Ava’s mother, Estefani Lopez, said her baby started showing mild symptoms Wednesday. When they suddenly worsened early Thursday morning, she rushed the girl to the emergency room. She told ABC 13 she was haunted by the images of Ava with a tube in her throat.

“It hurts,” Lopez said. “I wouldn’t want this pain on no other mother.”

Texas has become one of the nation’s coronavirus hot spots as the delta variant has swept across the country over the past month. Statewide, hospitalizations have jumped 42 percent in the past week, and new daily cases have risen by nearly 50 percent, according to The Washington Post’s tracking. On Friday alone, the state reported more than 19,000 infections, the most it has registered since mid-February, and the state’s test positivity rate is a staggering 18 percent.

In Houston, the influx of patients is putting immense strain on hospitals and medical staff already exhausted from overwork during the pandemic’s previous waves. One patient in the area was recently transferred to North Dakota for treatment, the Houston Chronicle reported.

Houston’s Texas Medical Center, the nation’s largest medical complex, is admitting coronavirus patients at near-record rates while also grappling with a nursing shortage in the region, according to William F. McKeon, the center’s chief executive.

“Hospitalizations across the Texas Medical Center are escalating at a pace we have not observed since the highest COVID-19 peak in summer 2020,” McKeon said in a statement. “Among patients hospitalized with COVID-19, a majority are younger and unvaccinated.”

Citywide, the health-care system was nearing a “breaking point,” Houston’s medical director, David Persse, told the Associated Press this week. “For the next three weeks or so, I see no relief on what’s happening in emergency departments.”

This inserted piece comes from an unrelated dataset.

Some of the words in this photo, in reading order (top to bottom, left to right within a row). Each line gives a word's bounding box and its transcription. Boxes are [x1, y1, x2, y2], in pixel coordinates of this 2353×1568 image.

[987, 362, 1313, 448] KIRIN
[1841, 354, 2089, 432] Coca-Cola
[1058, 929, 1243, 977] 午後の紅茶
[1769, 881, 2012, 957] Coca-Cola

Adding to the stress on the system, the state has seen a sharp uptick in pediatric illnesses that had declined when people were stuck inside during the early stages of the pandemic. More children are being hospitalized with respiratory syncytial virus this summer than in previous years — and it’s happening at a time when emergency rooms are already treating more bumps and broken bones from kids playing outdoors.

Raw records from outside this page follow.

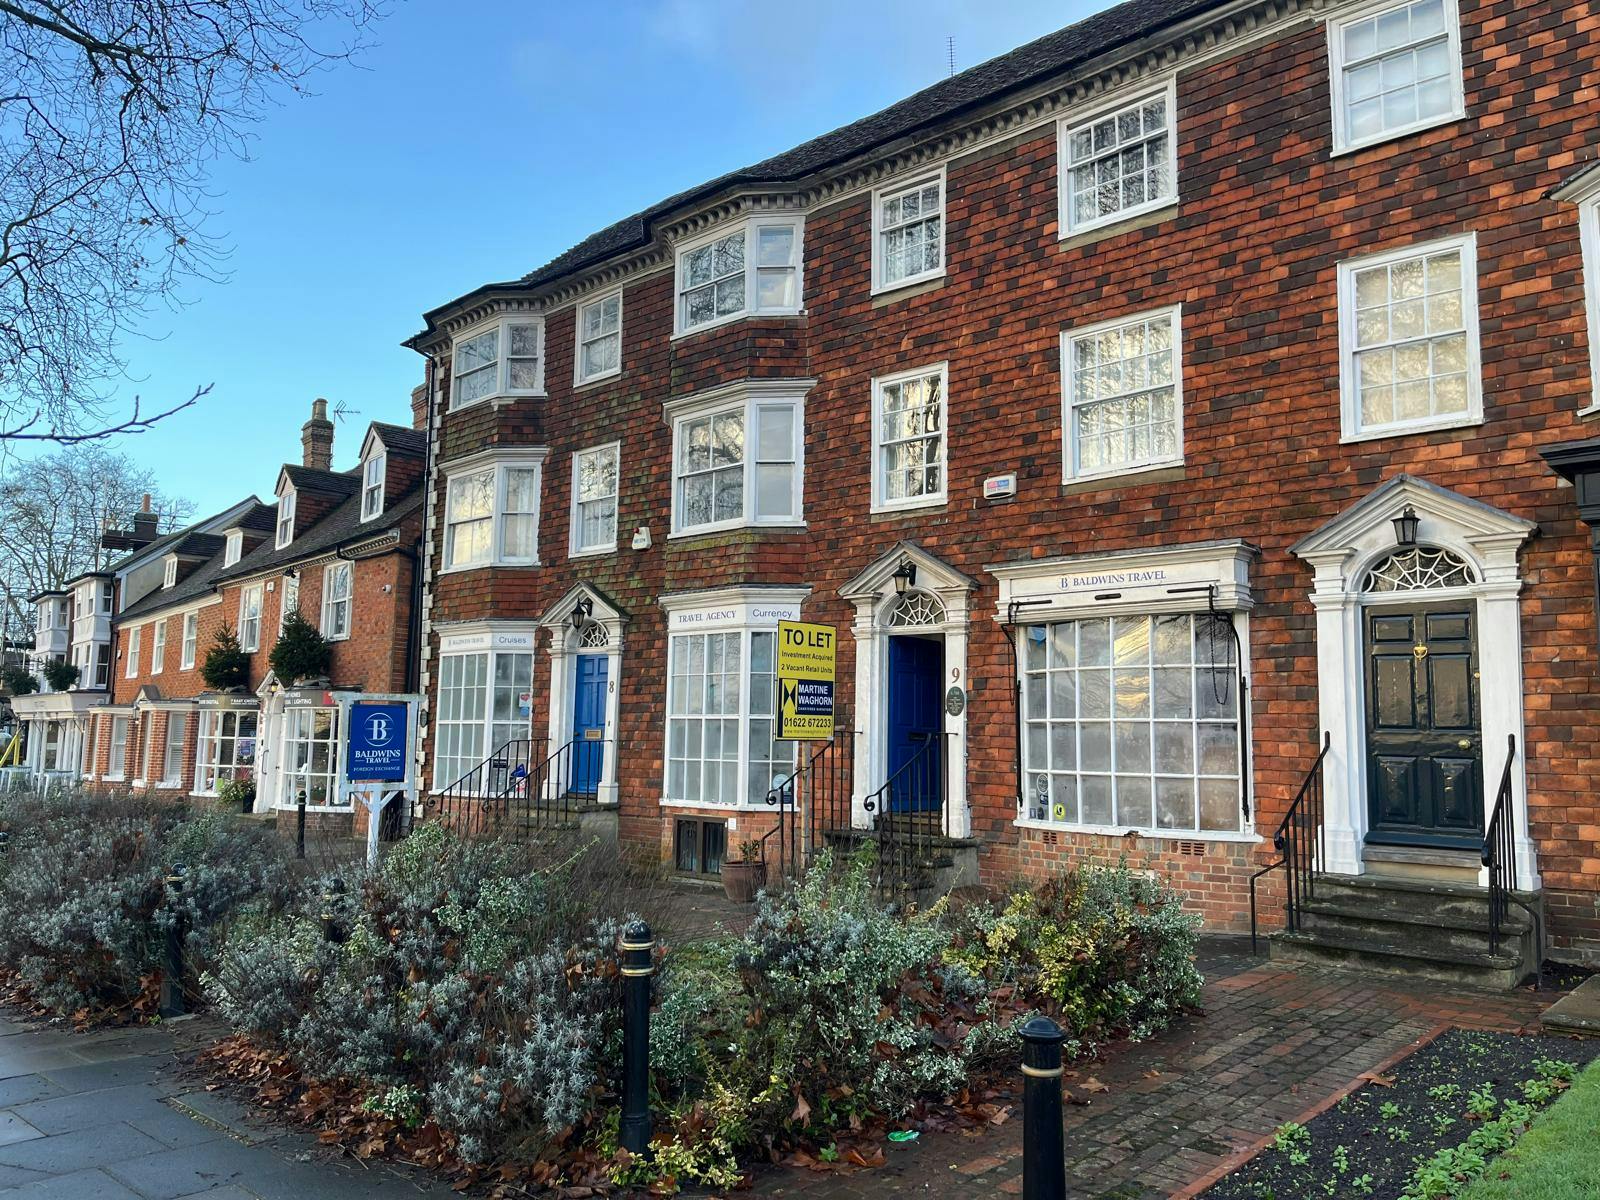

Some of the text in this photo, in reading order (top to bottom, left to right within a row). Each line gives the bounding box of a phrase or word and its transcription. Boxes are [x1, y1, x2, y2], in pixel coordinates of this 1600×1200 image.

[1073, 574, 1125, 586] BALDWINS
[1126, 570, 1167, 582] TRAVEL
[678, 610, 737, 623] TRAVEL AGENCY
[752, 608, 793, 619] Currency
[498, 636, 527, 644] Cruises
[784, 628, 832, 648] TO LET
[781, 650, 833, 662] Investment Acquired
[786, 664, 804, 672] Vacant
[805, 665, 820, 673] Retail
[821, 666, 833, 674] Units
[951, 667, 961, 684] 9
[609, 680, 615, 693] 8
[798, 684, 829, 695] MARTINE
[798, 695, 833, 705] WAGHORN
[784, 718, 832, 728] 01622 672233
[372, 719, 387, 740] B
[355, 749, 401, 758] BALDWINS

“What we are dealing with is an already extremely busy summer for pediatric illness, really an unprecedented one,” Lucia said. “All the things that were quiet for a while really made a sensational comeback.”

“It’s a complex picture,” he added, “but what it adds up to is we have too many patients and not enough beds.”

As the state’s public health crisis has deepened, Gov. Greg Abbott (R) has doubled down on his opposition to mask mandates and restrictions on businesses. The governor has encouraged Texans to get vaccinated but has threatened to penalize cities that defy his orders banning mandatory masking. “There will not be any government imposed shutdowns or mask mandates,” he told reporters this week.

Some local officials in Texas are pressing forward with mask mandates regardless. Among them is Houston Mayor Sylvester Turner, who announced Monday that the city’s roughly 22,000 employees will be required to wear face coverings in municipal buildings.

After her daughter’s ordeal this week, Lopez hopes people will take the proper precautions.

“It’s making me kind of mad that people have taken covid as a joke. It’s not a joke. It’s very, very serious,” she told ABC 13. “You want your babies at home, not in a hospital.”